G20 performance on gender equality
G20 Summit

G20 performance on gender equality

It is yet to be seen how gender equality will be incorporated into discussions at the G20 New Delhi Summit, but research reveals several measures to help ensure higher compliance with commitments made in this area

For the 2023 G20 New Delhi Summit, with the theme of One Earth, One Family, One Future, it remains unclear how gender equality will be incorporated into its priority discussions on advancing just, equitable and sustainable growth.


G20 leaders first addressed gender equality at their London Summit in 2009, with 155 words (3%) of their communiqué. Since their Seoul Summit in 2010, with 177 words (1%) on gender equality, attention slowly – but irregularly – increased in size and scope. It dropped to a low at Cannes in 2011 of 52 words (0.4%), then rose at Los Cabos in 2012 to 231 words (2%), surged at St Petersburg in 2013 to 1,015 words (4%) and dropped at Brisbane in 2014 to 305 words (3%). Then came a sustained rise to 1,235 words (14%) at Antalya in 2015 and 1,199 words (8%) at Hangzhou in 2016, and spiked to 4,836 words (14%) at Hamburg in 2017. At Buenos Aires in 2018, it plunged to 676 words (8%), but rose significantly at Osaka in 2019 to 1,153 (23%) – the highest portion of any summit. It plunged again in Riyadh in 2020 to 686 words (12%) but rose slightly in Rome in 2021 to 1,510 (16%), only to fall again at Bali in 2022 to 790 words (8%).


From 2008 to 2021, the G20 made 91 core commitments and 45 related commitments on gender equality, for a combined total of 136. The first came in London in 2009, taking 1% of the total commitments. The next two (2%) came at Los Cabos in 2012 and an additional four (2%) at Brisbane in 2014. Antalya in 2015 had no core commitments but produced four (2%) related ones. Hangzhou in 2016 had no core gender commitments but eight (4%) gender-related commitments. The 2017 Hamburg Summit stood out, with a record 30 core gender equality commitments and 14 related ones (8%). Buenos Aires in 2018 had only seven (7%) core gender commitments. Osaka in 2019 rose to 12, with an additional four related commitments (11%). Riyadh in 2020 had eight core and one related commitments (8%). Rome in 2021 had 17 core and four related commitments (9%). Bali in 2022 had 11 core and 6 related commitments (8%).
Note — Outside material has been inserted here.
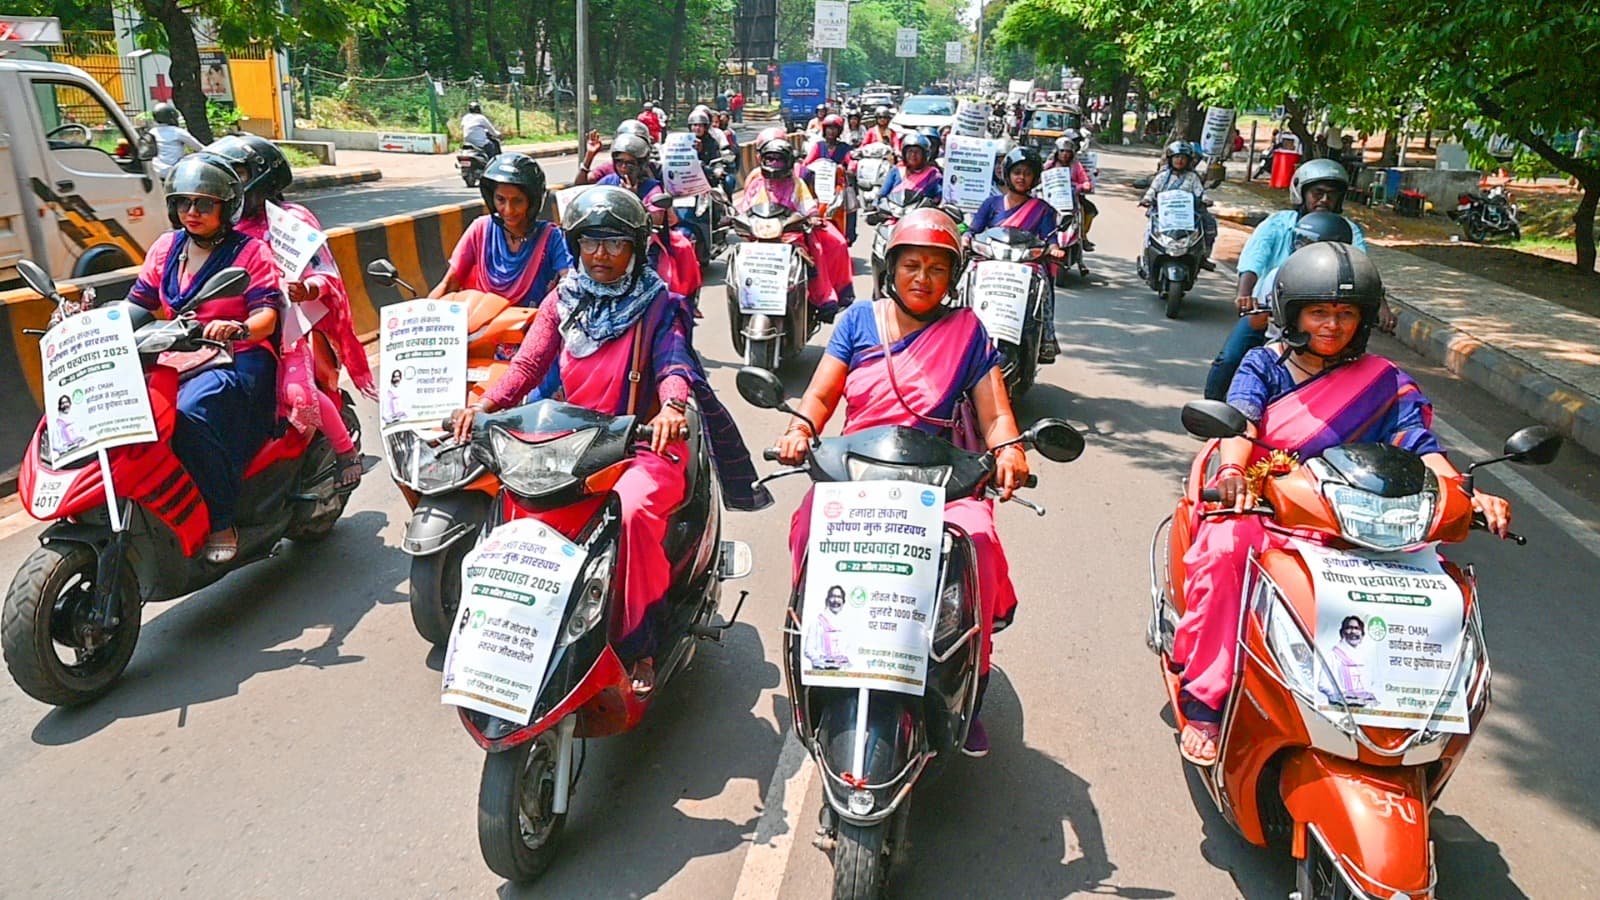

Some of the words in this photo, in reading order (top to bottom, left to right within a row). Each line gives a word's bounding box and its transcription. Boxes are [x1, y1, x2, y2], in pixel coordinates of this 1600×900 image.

At the start gender commitments focused on increasing female labour force participation and improving workplace conditions. This continued through to 2015, with a slight expansion to women entrepreneurs and farmers and later to digital skills development and education in science, technology, engineering and mathematics, to increase female participation in those sectors. In 2017 and 2018, the G20 committed to ending gender-based violence. From 2020 to 2022, leaders recognised the disproportionate impact of the Covid-19 crisis on women and committed to ensuring that it would not widen existing inequalities and undermine the progress of recent decades.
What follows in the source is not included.